Acidentes acontecem até com os transportes mais seguros e não seria diferente com o trem. O pior que se tem notícia no Brasil aconteceu em Aracaju (SE), com 185 mortos na década de 40, por descarrilamento em velocidade excessiva. No mundo, é sem dúvida o de Peralyia, no Sri Lanka em 2004, com 1700 vítimas após um terremoto seguido de tsunami, superando o de Bihar na Índia onde 800 pessoas morreram quando uma composição desceu duma ponte para não atropelar uma vaca. O primeiro sistema a operar na serra cachoeirense - trazido pelos engenheiros ingleses - veio dos Alpes, região fronteiriça entre França e Itália. Era utilizado para transpor o monte Cenis, aquele que Carlos Magno atravessou com seu exército no ano de 773 para invadir a Lombardia. Suas locomotivas empurravam os vagões, por isso não tinham farol. Ouvi dizer que os britânicos sentavam no panorâmico vagão da frente, pitando seus fedorentos cachimbos serra acima. Estas máquinas foram substituídas a partir de 1883 pelas também inglesas “Baldwin” de aderência total, da North British e operavam com uma distinta função relacionada à frenagem, dezenas de toneladas comprimiam o terceiro trilho, evitando assim a patinagem. Nestas máquinas, o trilho guia funcionava também como um freio adicional.
O último apito - ll
As robustas locomotivas adaptadas aos terrenos íngremes e sinuosos levavam seus vagões, de dois em dois, até quase mil metros de altura em Teodoro, onde, novamente, contíguos seguiam viagem, puxados por uma máquina tradicional.

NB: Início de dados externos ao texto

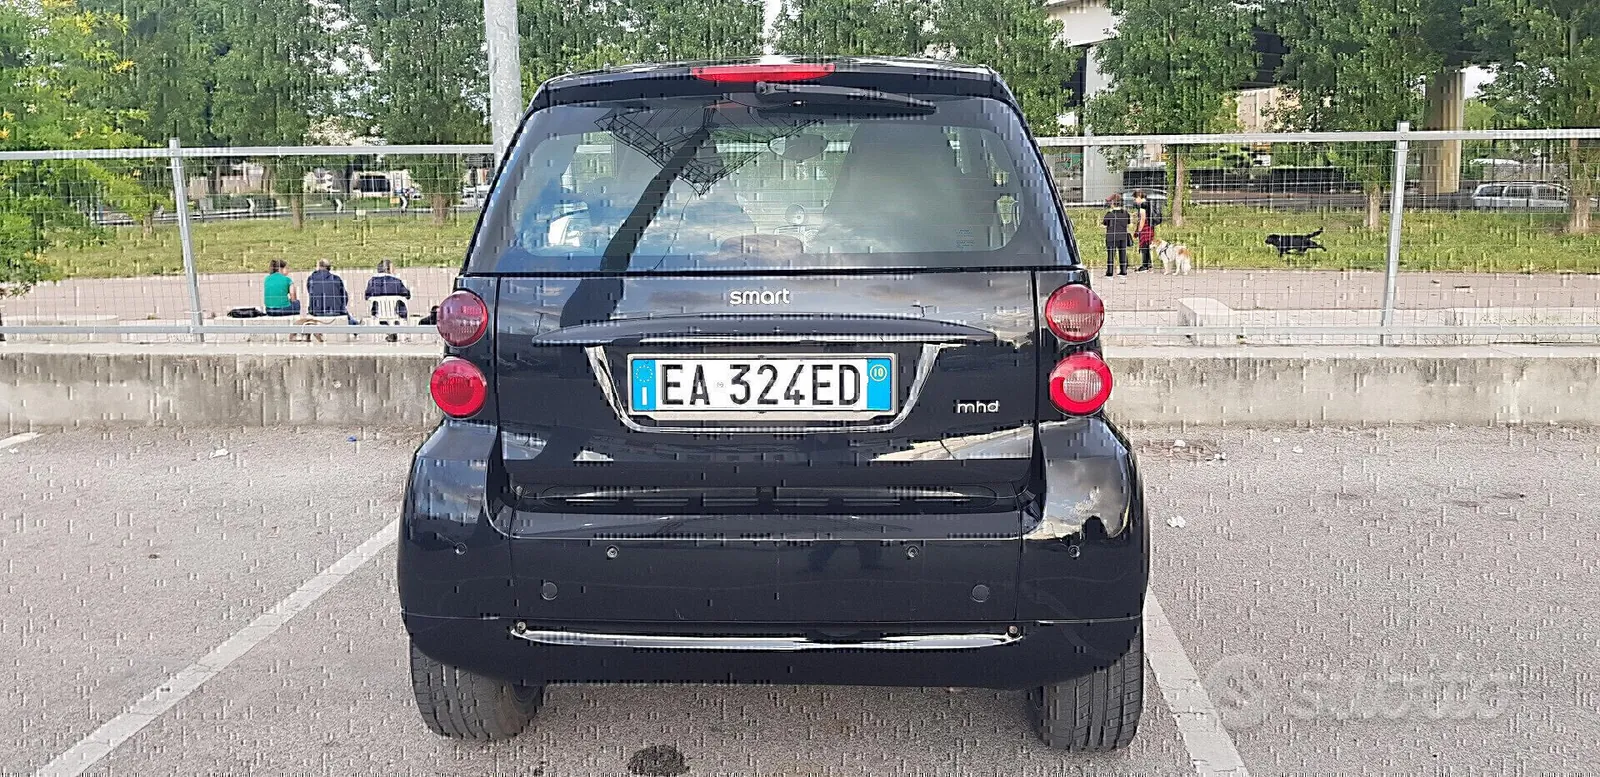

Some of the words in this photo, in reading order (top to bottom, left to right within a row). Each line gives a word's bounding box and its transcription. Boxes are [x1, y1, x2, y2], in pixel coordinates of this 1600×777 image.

O sistema fell de tração por cremalheira, implantado em 1873 era constituído além dos dois carris tradicionais, de mais um trilho, onde atuavam rodas horizontais dentadas, funcionando como tração auxiliar. Foi posteriormente modificado pela Leopoldina Railway para sapatas de frenagem especial. Nas estações, enquanto os freios da Baldwin de configuração 0-6-0 eram reparados, ambulantes vendiam pastéis, bolinhos de aipim, pinha (biribá) e banana-ouro aos seus ilustres passageiros.
A sórdida e inconsequente política brasileira, a ganância empresarial do setor de transportes e a mão perniciosa do tio Sam, acabaram com o nosso trem. Se o ressuscitarão, só outras gerações saberão. Os que dele fizeram parte, onde estiverem, sentirão sempre emoção ao lembrarem-se do “rápido”, do “jaú”, do “expresso” e do “passeio”, deslizando na bitola métrica rumo à capital. Os ferroviários que partem, levam consigo parte da história da cidade, deixando um vazio em sua memória. Muitos sentem falta da bucólica estação de Cachoeiras de Macacu, da oficina, do armazém, do SENAI e do Liceu. Outros, sonham com a construção de um museu ferroviário e os mais românticos com uma leve e pequena locomotiva “fell”, encantando turistas numa praça da cidade.
Por ironia do destino, hoje dependemos dos ônibus passantes para chegar ao Rio e a Niterói. Se o leito não fosse desativado estaríamos, quem sabe, na expectativa de um VLT (Veículos Leves sob Trilhos) que serão implantados em algumas cidades. Melhor sorte teve o ramal de Cataguases, escolhido por Antônio Erminio de Moraes para transportar bauxita da sua mina em Barão de Camargo (MG) até B. de Angra (RJ), onde hoje repousa a nossa saudosa 103.
Meus agradecimentos a Antônio Peril da Silva Filho, Carlos Donegatti, Dalmo da Silva Bastos, Décio Ade, Ivo, de Boca do Mato, Zaly Alves de Azevedo e meu querido pai Taciano Rocha Filho, por, gentilmente, terem contribuído para a efetivação deste trabalho.